(Data to examine begins)

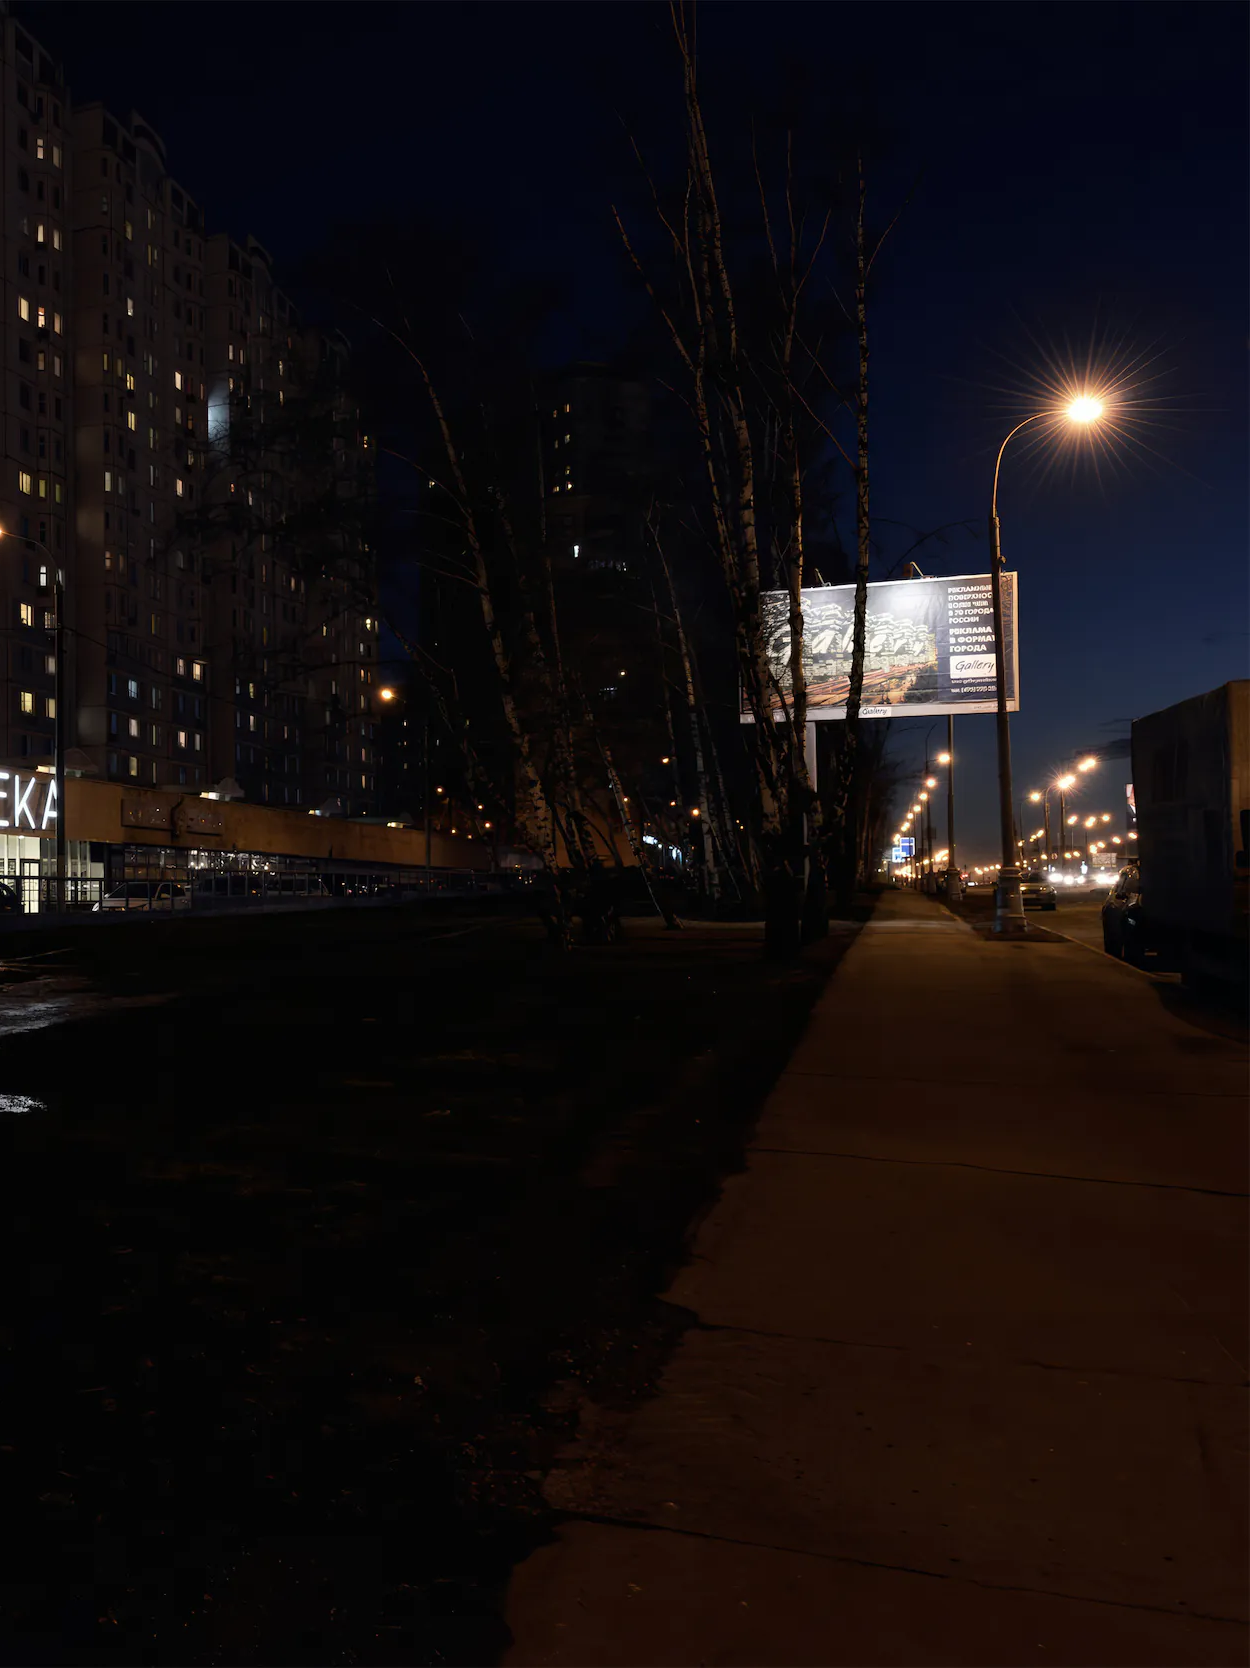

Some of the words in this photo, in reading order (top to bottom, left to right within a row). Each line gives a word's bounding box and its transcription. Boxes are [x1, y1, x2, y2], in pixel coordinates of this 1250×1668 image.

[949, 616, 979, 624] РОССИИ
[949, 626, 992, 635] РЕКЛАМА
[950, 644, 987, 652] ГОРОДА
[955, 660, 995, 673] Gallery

(Data to examine ends)
(Data to examine begins)

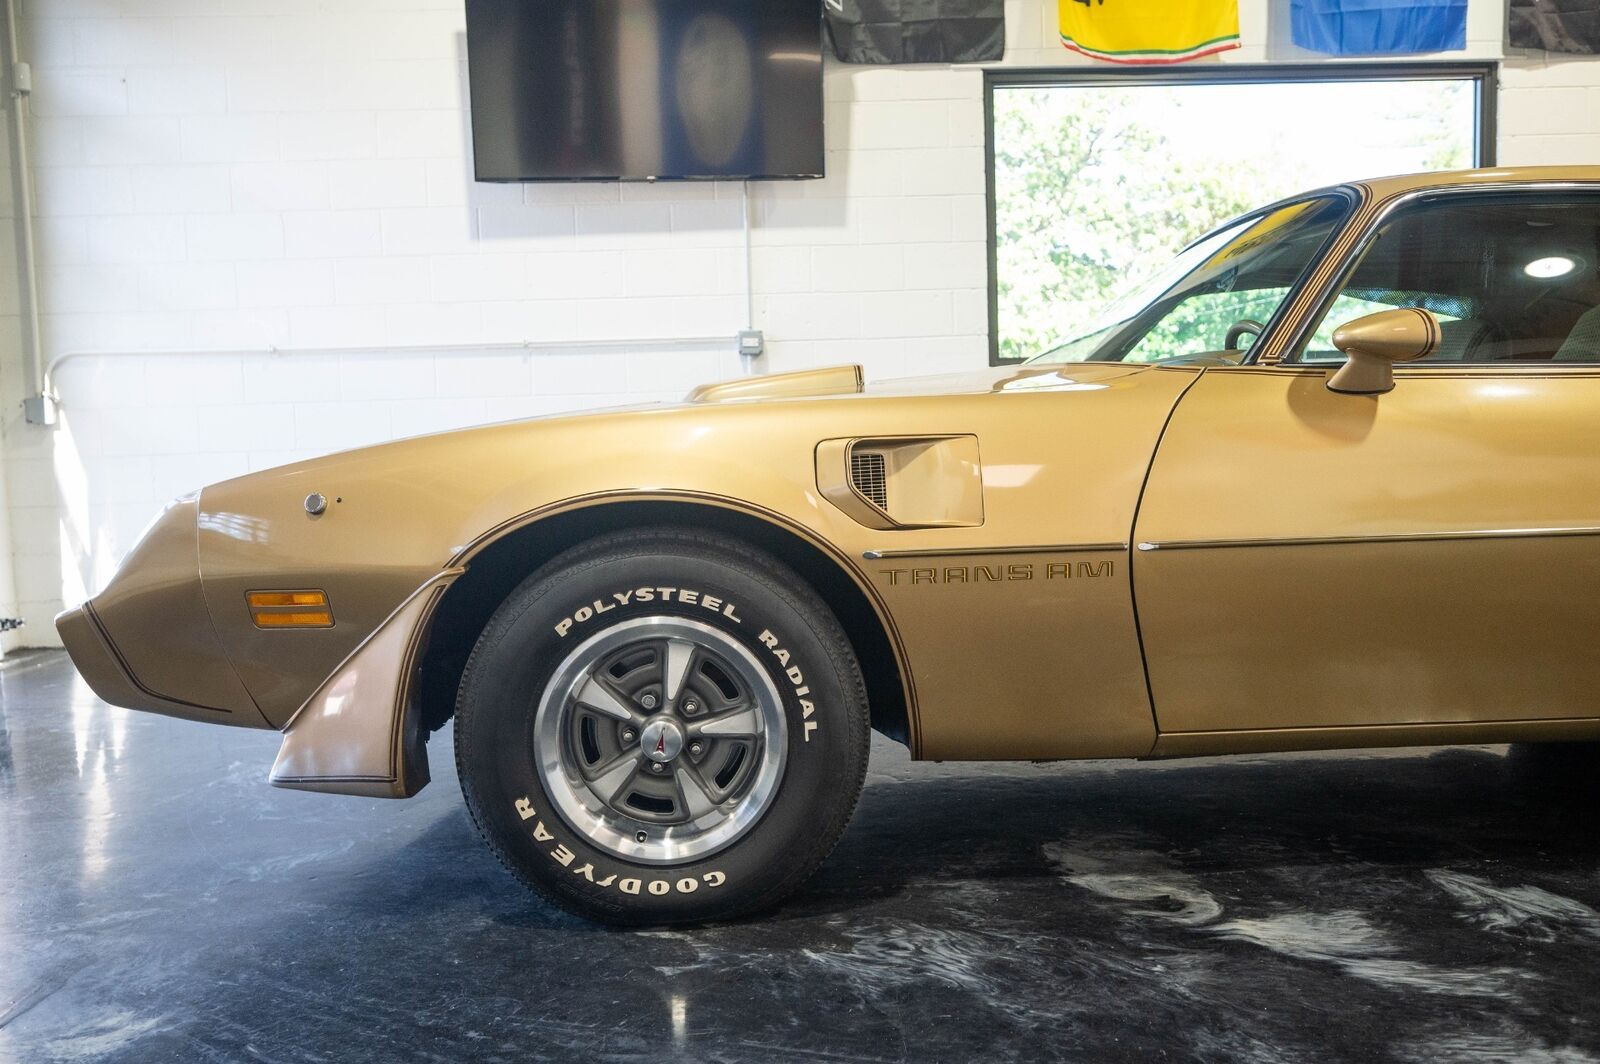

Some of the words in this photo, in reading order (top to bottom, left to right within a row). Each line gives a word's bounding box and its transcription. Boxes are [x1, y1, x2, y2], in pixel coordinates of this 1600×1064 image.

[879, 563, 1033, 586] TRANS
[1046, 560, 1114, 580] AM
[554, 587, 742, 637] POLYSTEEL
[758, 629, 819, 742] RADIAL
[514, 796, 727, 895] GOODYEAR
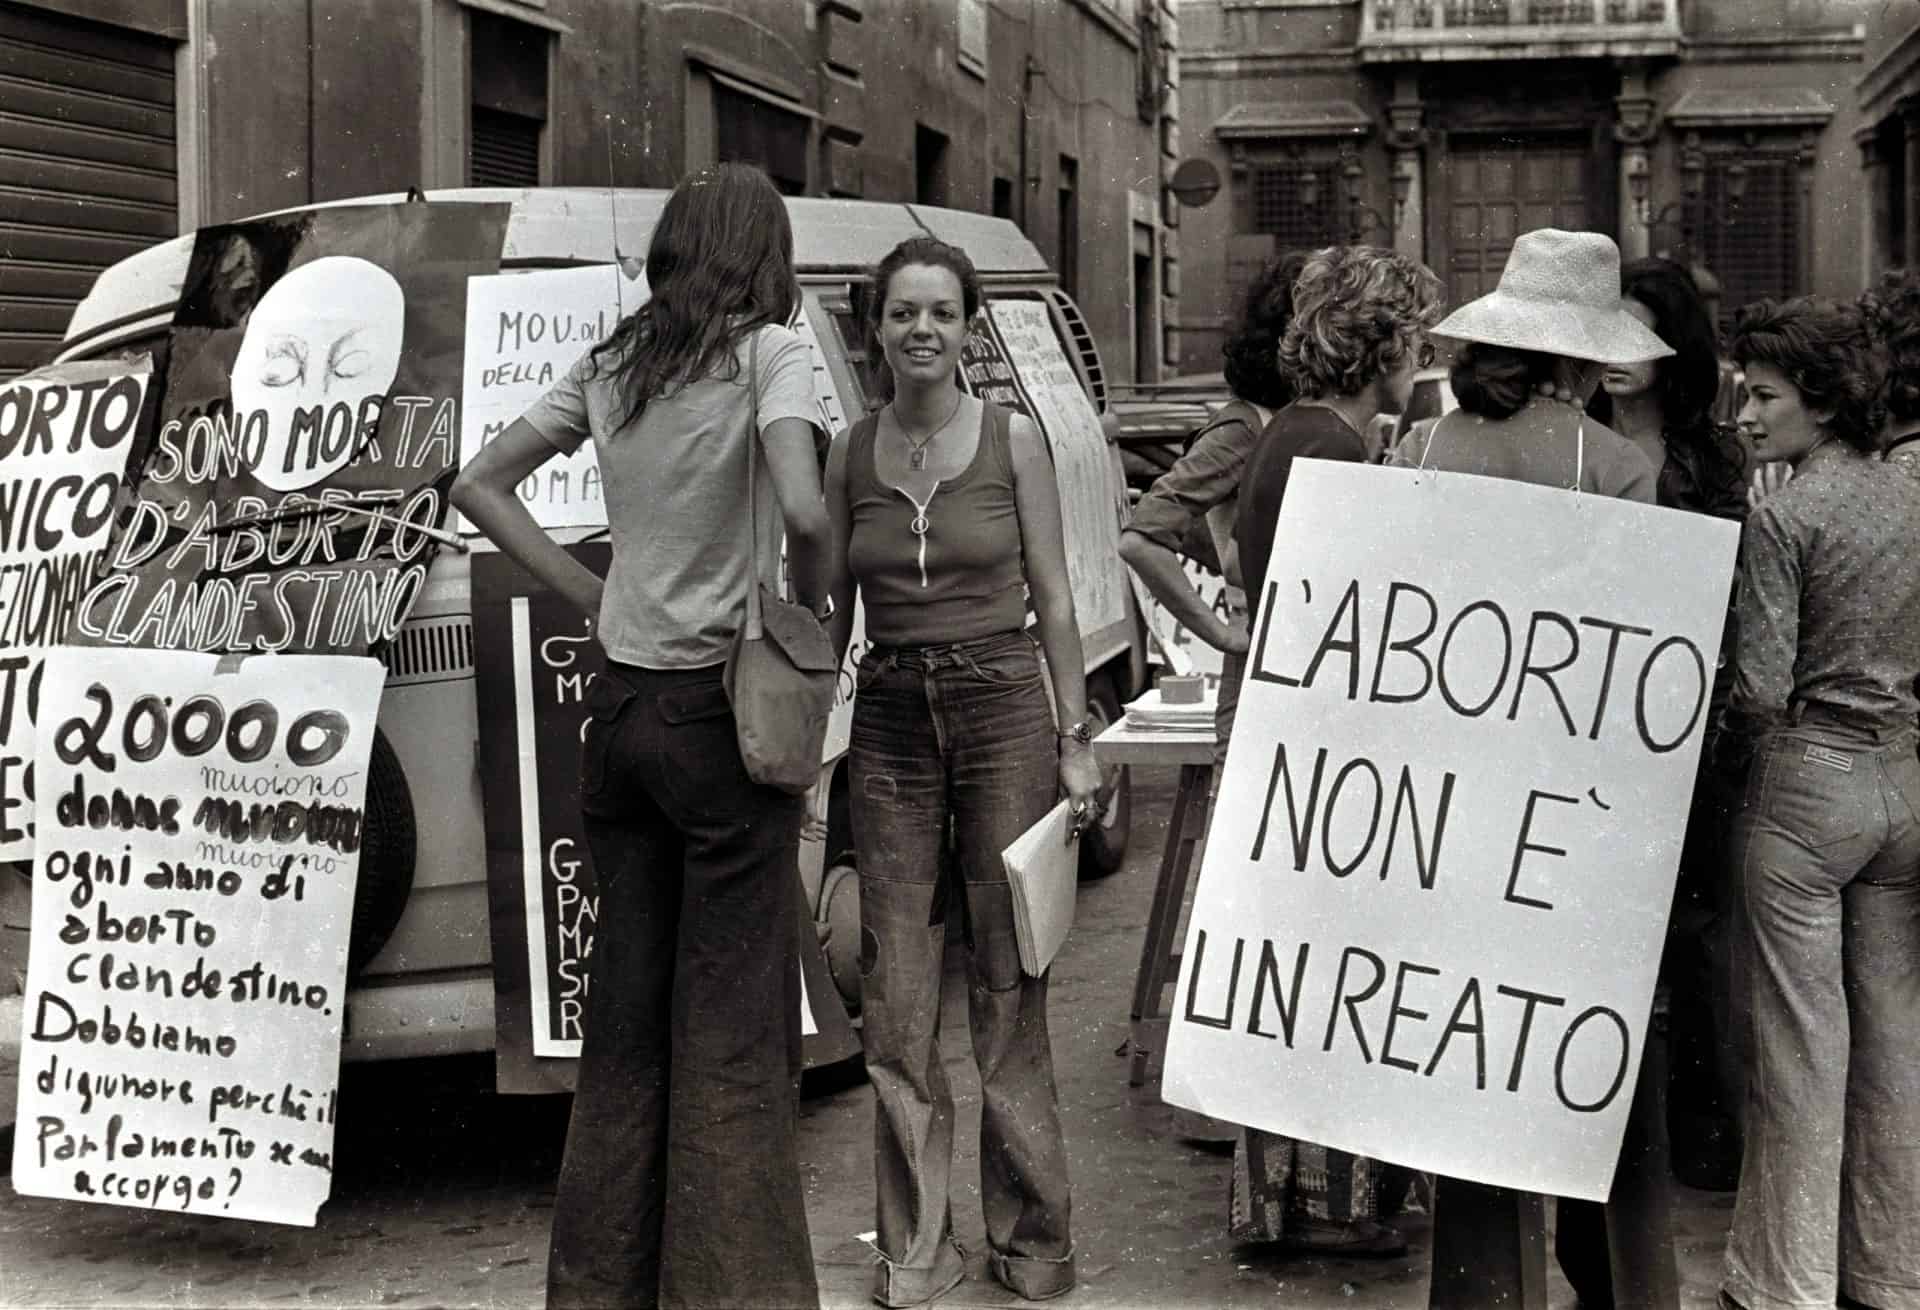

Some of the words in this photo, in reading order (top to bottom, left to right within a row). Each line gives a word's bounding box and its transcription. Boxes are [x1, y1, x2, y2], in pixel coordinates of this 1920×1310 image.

(Data to examine ends)

▶ **What to work on**
Copy only what lies between the line with "this 1600×1064 image." and the line with "this 1920×1310 image.", those two lines included, exactly as given above; pictures stay out.

▶ **Answer section**
Some of the words in this photo, in reading order (top to bottom, left to right within a row). Each line gives a word's bounding box and its transcription. Boxes are [x1, y1, x2, y2], in pixel coordinates of this 1600×1064 image.

[879, 563, 1033, 586] TRANS
[1046, 560, 1114, 580] AM
[554, 587, 742, 637] POLYSTEEL
[758, 629, 819, 742] RADIAL
[514, 796, 727, 895] GOODYEAR

Some of the words in this photo, in reading order (top to bottom, left to right within a row). Each line gives a word's bounding box and its transcription. Boxes are [x1, y1, x2, y2], in pixel coordinates of this 1920×1310 image.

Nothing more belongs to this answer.